A note to Eartha Kitt

Dear Ms. Kitt,

I’ve long admired the character of you. Your song. Your acting. Your spirit. And now, your love of nature; it was the one thing that I’d not known about before. And now I do.

I loved your story about your experience as a child, being one that roamed and explored, easily happy in being alone. And I was like that, and I am like that.

And I did (and do) love the hymenoptera: the vespid(ae), the solitary and paper wasps, the masons. All of them in that class I love, and do savor. And they are all the same in their taxonomic grouping, yet they are, as well, all different.
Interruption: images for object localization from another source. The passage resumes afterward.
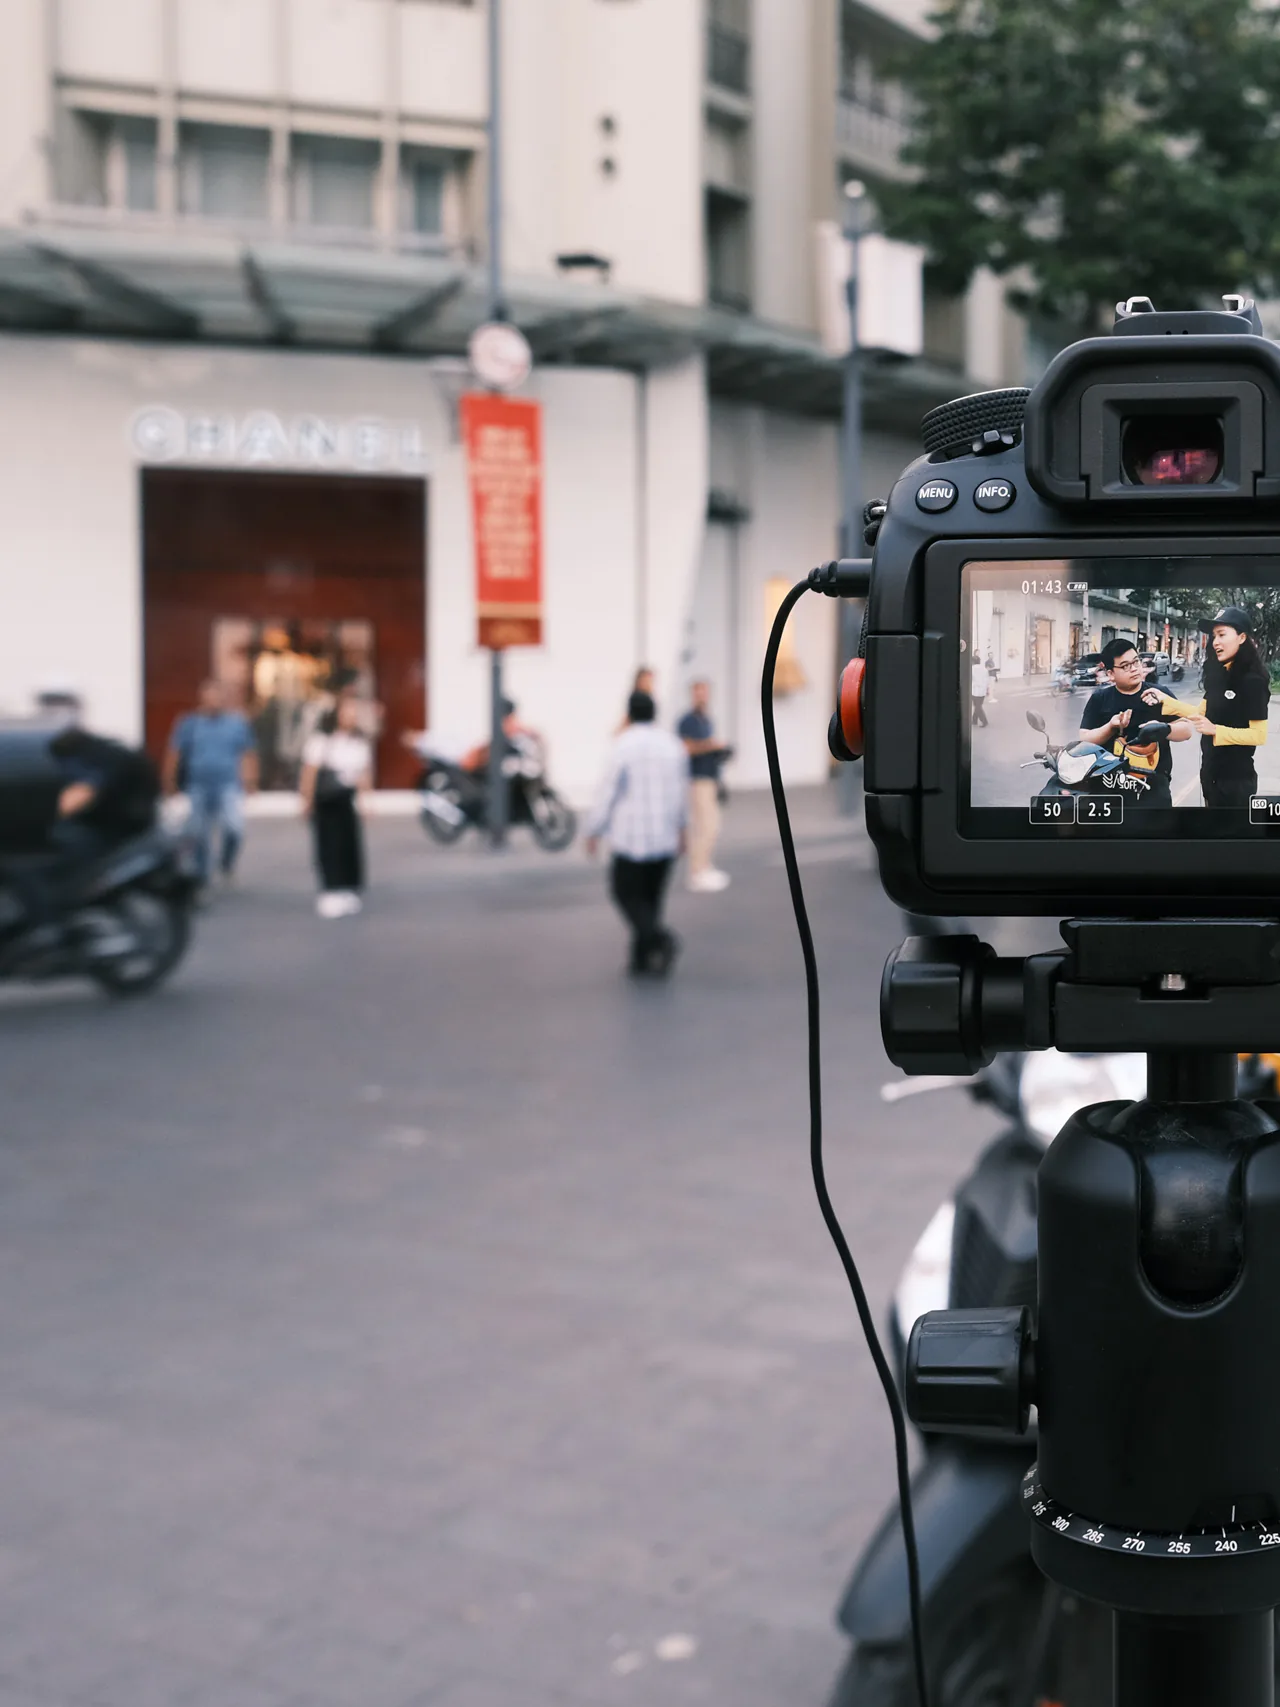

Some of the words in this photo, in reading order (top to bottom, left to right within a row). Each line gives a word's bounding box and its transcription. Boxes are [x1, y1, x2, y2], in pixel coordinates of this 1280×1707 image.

[131, 405, 430, 471] CHANEL
[919, 487, 953, 499] MENU
[978, 486, 1011, 498] INFO.
[1021, 579, 1062, 594] 01:43
[1043, 802, 1061, 817] 50
[1088, 802, 1111, 817] 2.5
[1252, 799, 1267, 809] ISO
[1032, 1501, 1047, 1517] 315
[1051, 1516, 1070, 1532] 300
[1082, 1528, 1105, 1544] 285
[1121, 1537, 1146, 1552] 270
[1167, 1541, 1191, 1554] 255
[1215, 1540, 1238, 1552] 240
Even ants number among them.

But like you, the one thing that I do love is the architecture of their making. So as I wander the island, the neighborhood, the woods, I’ve become a expert sighter of those nests — either live and active, or silent in winter. And if they are live; I’ll watch them, and wait till the cooler seasons come. The queens (the foundress) quiet in hibernation, the drones die out. Friends find them for me as well.
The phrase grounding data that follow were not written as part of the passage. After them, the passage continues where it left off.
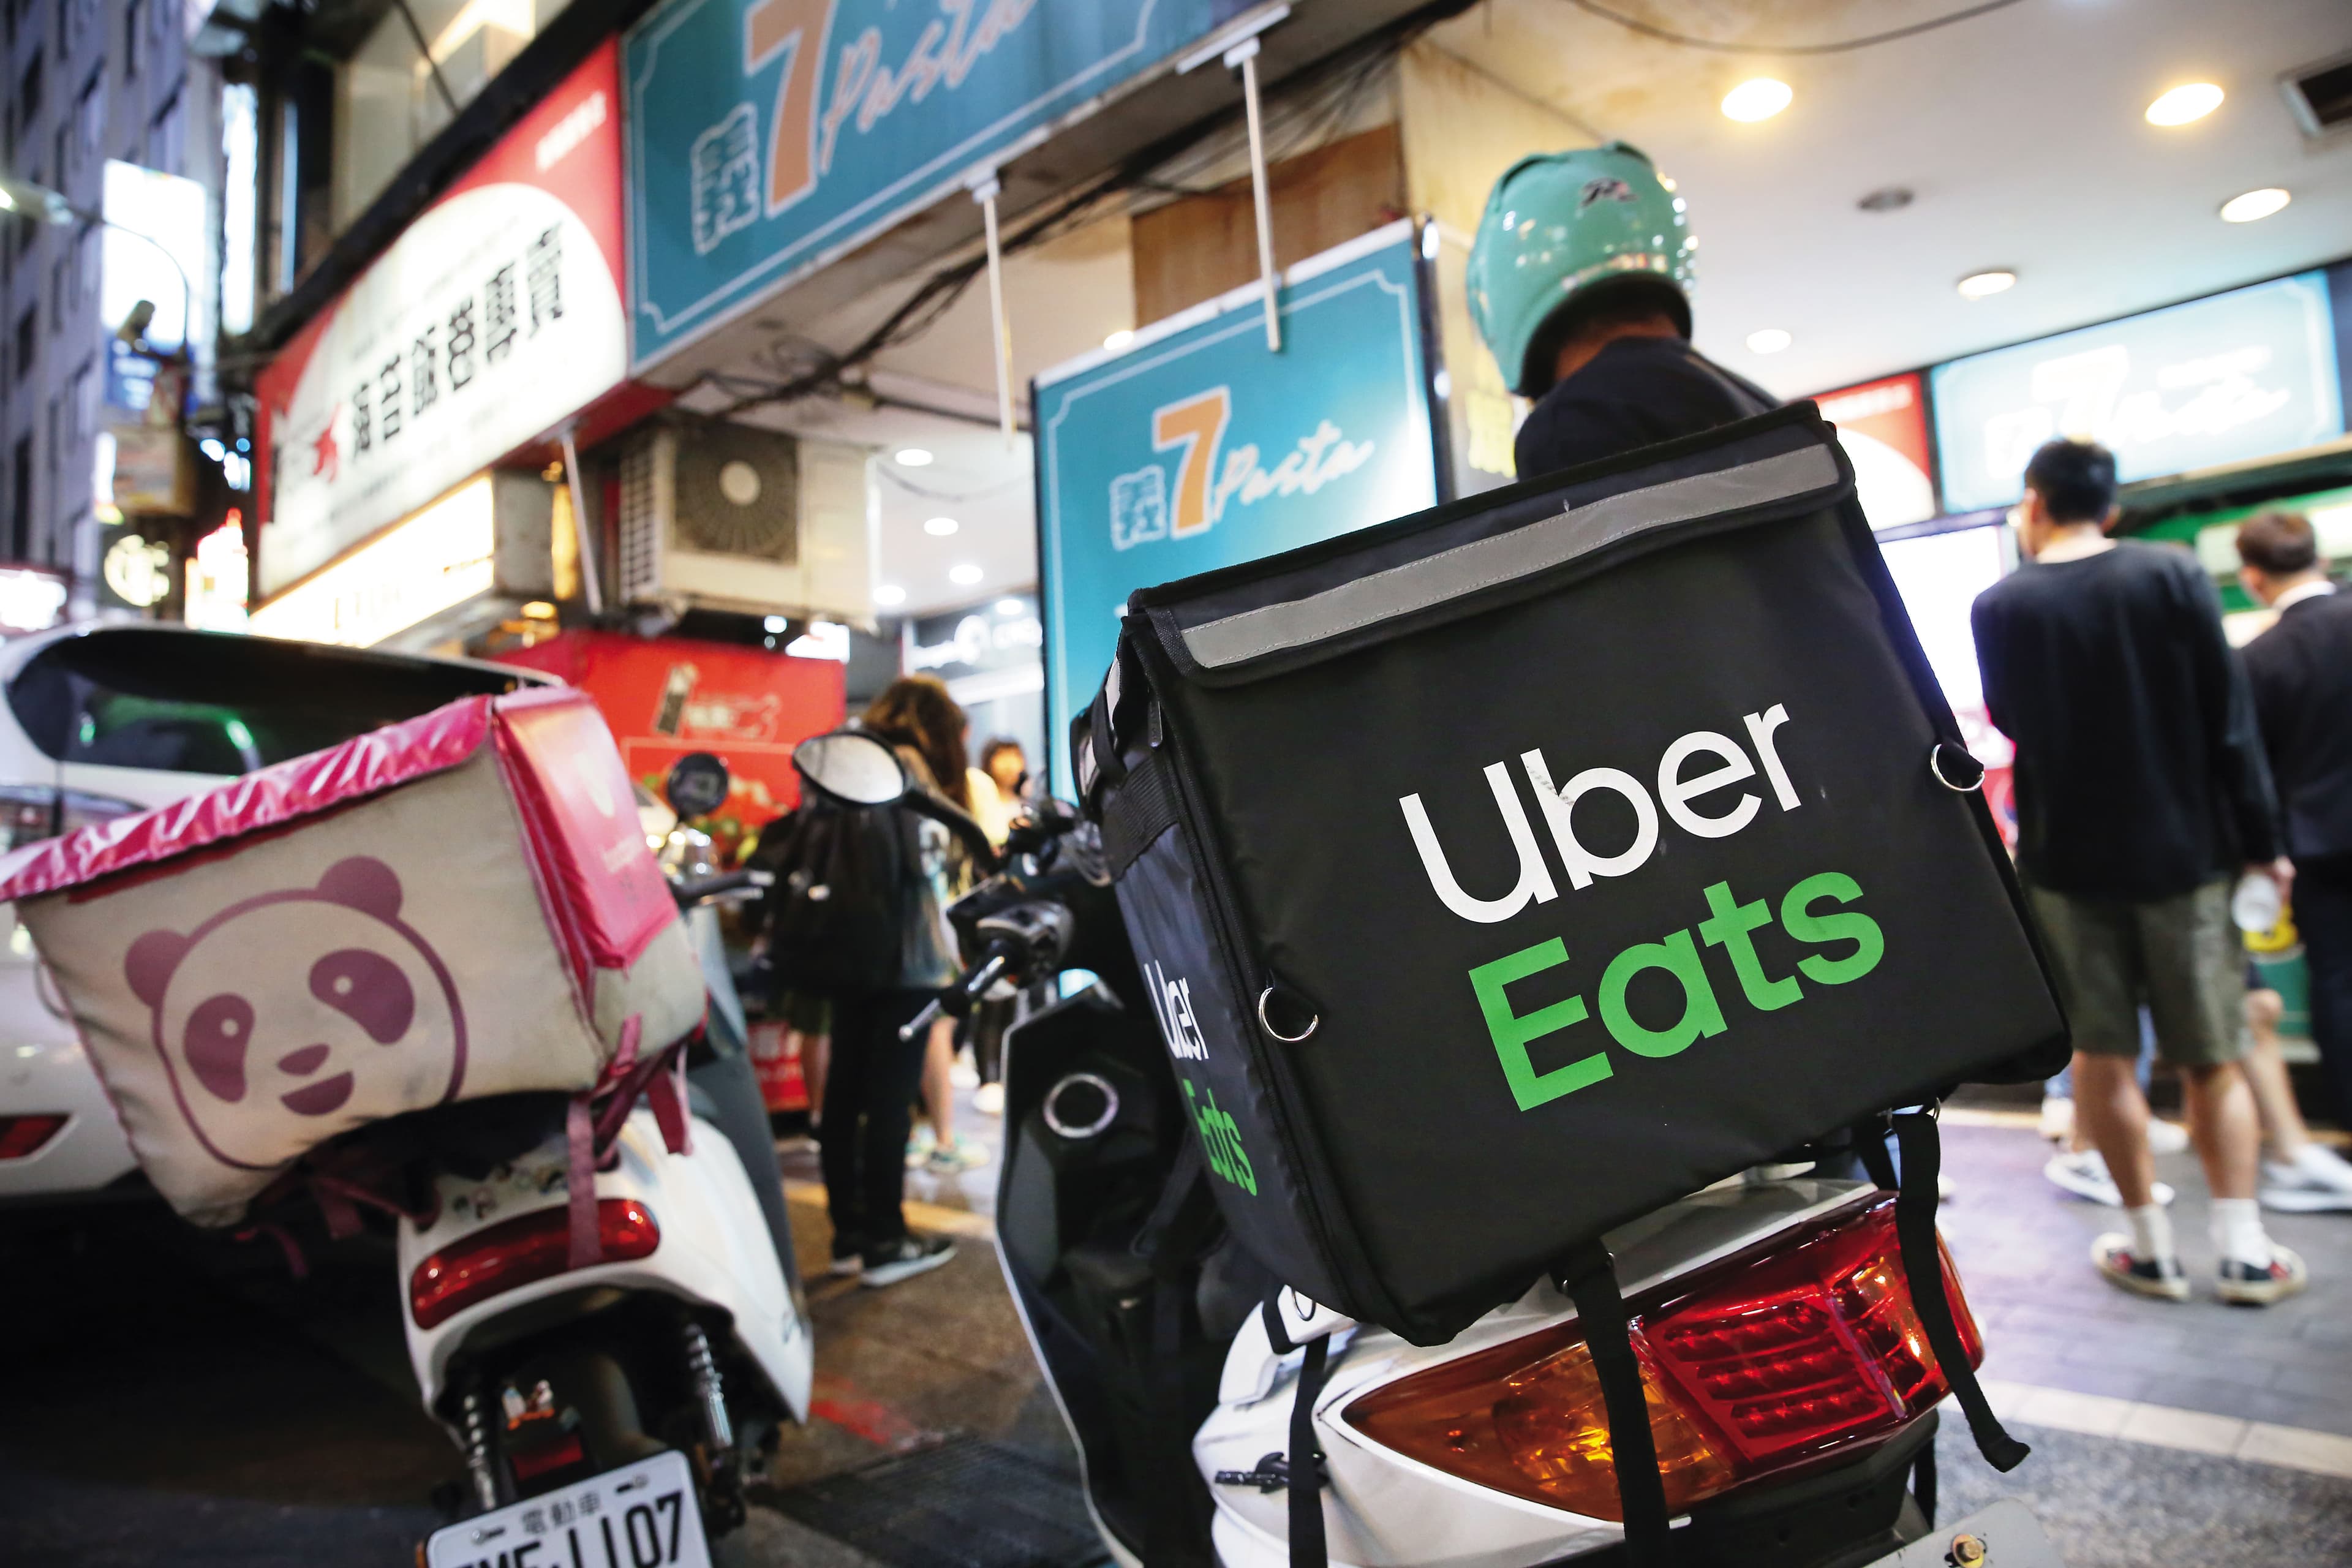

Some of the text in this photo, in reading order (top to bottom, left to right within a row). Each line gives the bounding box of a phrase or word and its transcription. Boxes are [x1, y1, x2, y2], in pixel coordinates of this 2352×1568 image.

[744, 0, 838, 219] 7
[1152, 385, 1233, 540] 7
[1212, 420, 1376, 524] Pasta
[1398, 703, 1802, 924] Uber
[1468, 872, 1885, 1112] Eats
[454, 1490, 683, 1568] 1107
[521, 1490, 601, 1535] 電動車
I’ve watched them from the opening single cell, one little egg, one tiny larva, to colonies in Costa Rica that as a big as a kneeling catcher at homeplate sitting atop a tree. I’ve seen grand cascading honeycombs in the jungles of Cambodia, and tiny little miniature water wasps nests in the tree tops of Central America, underground bumblebee galleries and the single bored home (and holes) of the giant black bees of Bali. I’ve spied hanging angry firewasp nests (just as I was reaching out to climb higher) in the swamps of Kauai, and like you, I’ve run like hell to escape the stringing (and stinging) scented attack line of black and white bald-faced wasps chasing me through the forest. I can watch the breeze for wasp lines and follow that winged corridor to a nest. Like you, I’d imagine.
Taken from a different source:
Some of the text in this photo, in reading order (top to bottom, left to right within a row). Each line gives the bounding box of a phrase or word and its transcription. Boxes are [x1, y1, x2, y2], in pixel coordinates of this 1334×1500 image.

Being one of those people that learned to see in and recognize those warning colors, I’ve not been stung in decades.

But I love how they build their colonies — whatever the type — and friends and family have contributed to these, at my island house, which is up north of Seattle, by some 80 miles.

Here are some images of what they look like, installed.

Who knows, perhaps one day we’ll meet?